VIEWPOINTS – Hallucinatory musical journeys: LIGHTS OUT: NAT “KING” COLE at New York Theatre Workshop and BOWL EP at the Vineyard

This past week, a pair of what can be best described as hallucinatory musical journeys opened Off-Broadway. Although seemingly disparate by categorization — one is a jukebox musical based on the life and career of a beloved American icon, the other is a drug-fueled work of avant-garde theater — the two productions are similar in that they both lay bare, beguilingly, the inner demons of Black artists.

Daniel J. Watts and Dulé Hill in “Lights Out: Nat ‘King Cole’ at New York Theatre Workshop (photo by Marc J. Franklin).

LIGHTS OUT: NAT “KING” COLE”
New York Theatre Workshop
Through June 29

First up is New York Theatre Workshop’s production of Lights Out: Nat “King” Cole (RECOMMENDED). As written by Coleman Domingo and Patricia McGregor (McGregor is also credited for direction), most of which takes place in the expanded moments leading up to the final airing of The Nat King Cole Show, the beloved crooner’s short-lived NBC variety show. As an encapsulation of the singer’s life and times, the show is more fever dream than by-the-numbers jukebox bio-musical. As such, the production emulates the theatrically imaginative storytelling of Jelly’s Last Jam more than it does the dutiful documentary-like approach utilized by workmanlike shows like Jersey Boys and Beautiful: The Carole King Musical. Domingo and McGregor juxtapose instantly recognizable selections from the Nat “King” Cole songbook with the singer’s splintering state of mind — at times, snippets of these iconic songs are all you’ll get. Although some may find the fragmented, hallucinatory quality of the musical confusing and even frustrating, I thought it to be a fascinating way of painting the portrait of a complex man coming to terms with waning sponsorship for his television show due to outright racism. Arising deep from Cole’s imagination is Sammy Davis Jr. — a close friend of his in real life — who emerges as an emcee-like apparition who comments and eggs on Cole’s unsettled stream-of-conscience musings. Easily the most show-stopping and satisfying number of the show is “Me and My Shadow”, a thrilling dance-off between Cole and Davis, in which their internalized rage is viscerally manifested (Jared Grimes’ choreography throughout, by the way, is outstanding). As Cole, Dulé Hill gives an uncanny performance — both vocally and in appearance — that brilliantly captures the complicated, brooding psyche underlying the sunny smile. Daniel J. Watts is dynamite as Davis, giving a performance that nicely contrasts with Hill’s in terms of temperament and demeanor. The rest of the mid-size company is very good, ably transitioning between defined characters parts and members of the ensemble with impressive ease.

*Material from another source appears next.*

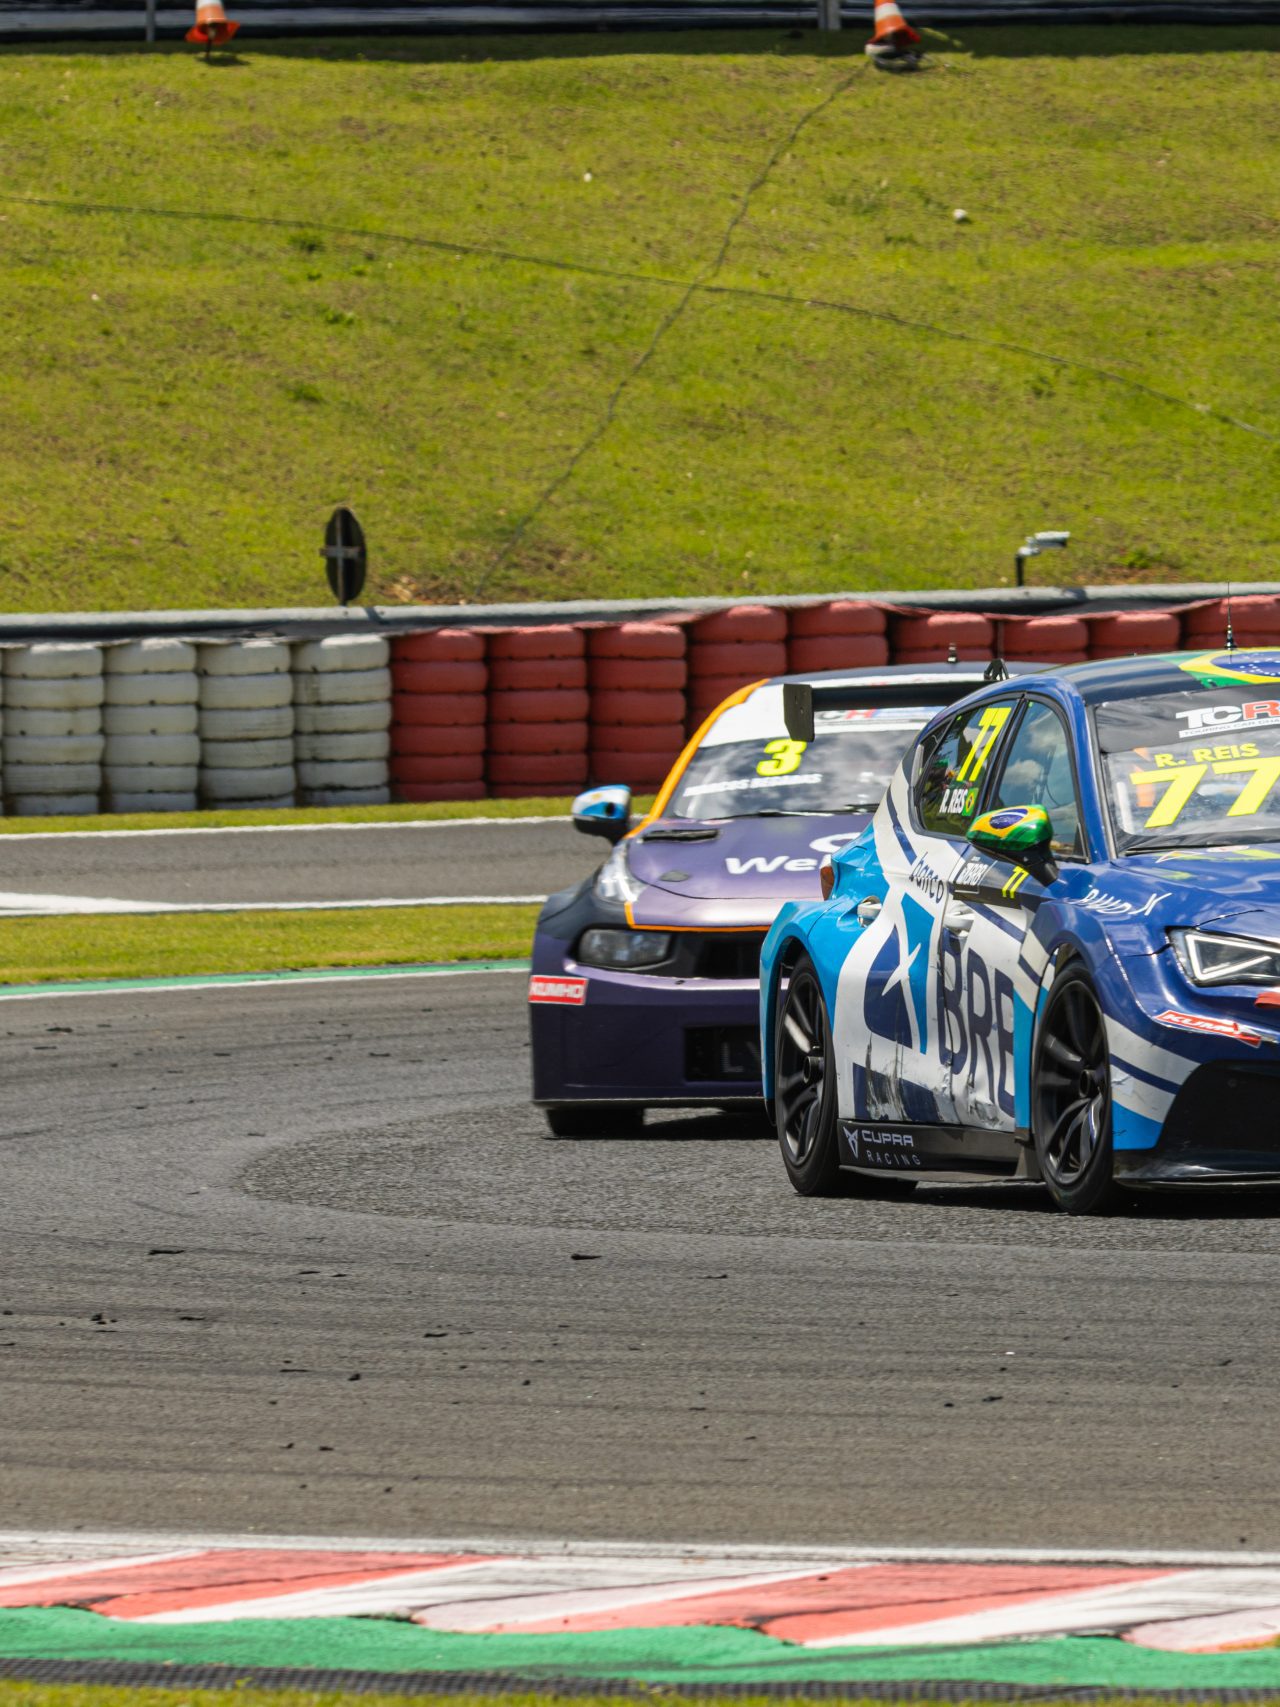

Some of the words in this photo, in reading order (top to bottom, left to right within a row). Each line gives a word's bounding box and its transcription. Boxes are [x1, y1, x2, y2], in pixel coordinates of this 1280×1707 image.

Oghenero Gbaje and Essence Lotus in Nazareth Hassan‘s “Bowl EP” at the Vineyard Theatre (photo by Carol Rosegg).

BOWL EP
Vineyard Theatre and National Black Theatre in association with The New Group
Through June 8

Taking theatrical hallucinations to another level is Nazareth Hassan’s singular Bowl EP (HIGHLY RECOMMENDED), which you can currently catch at the Vineyard Theatre. Presented in association with the National Black Theater and The New Group, the work depicts — at least initially — the budding romance between Quentavius da Quitter and Kelly K Klarkson, two aspiring queer rappers-cum-recreational skateboarders. Very much like the works of the great Caryl Churchill, Hassan’s piece takes on a formally daring structure and unspools with immense linguistic imagination. More specifically, the play progresses in short, rapid fire scenes, bookending an acid trip for the ages, in which the pair reckon with demons lodged deep within each of them. In turn poetic and mundane, these mini-scenes transpire in a hypnotic, deceptively casual manner until the aforementioned drug-fueled segment (the escalating sense of absurdity is superbly heightened by the lighting and sound of Kate McGee and Ryan Gamblin, respectively). This is when Bowl EP truly howls, namely in the form of Lemon Pepper Wings — the manifestation of Quentavius and Kelly’s internalized fears, traumas, and shame — who is given free rein to cause havoc on the pair’s sweet but tentative romantic relationship. As Lemon, Felicia Curry gives a spectacularly unhinged performance and is a swirling force of nature — an unfiltered and often contradictory truthsayer who both disrupts and harshly illuminates. As Quentavius and Kelly, Oghenero Gbaje and Essence Lotus give disarmingly natural performances that are utterly convincing. The Vineyard auditorium, all but unrecognizable, has been reconfigured to accommodate an abandoned swimming pool, in and around which the duo spend their days coming up with rhymes and skating (kudos to Adam Rigg and Anton Volovsek’s audacious and beautifully-realized set design). Although I’d ultimately probably classify the show as a play with music, l’m hard-pressed to think of another show in recent memory in which the musical cadence of rap — composed by Hassan and Free Fool — and spoken word play a more central role.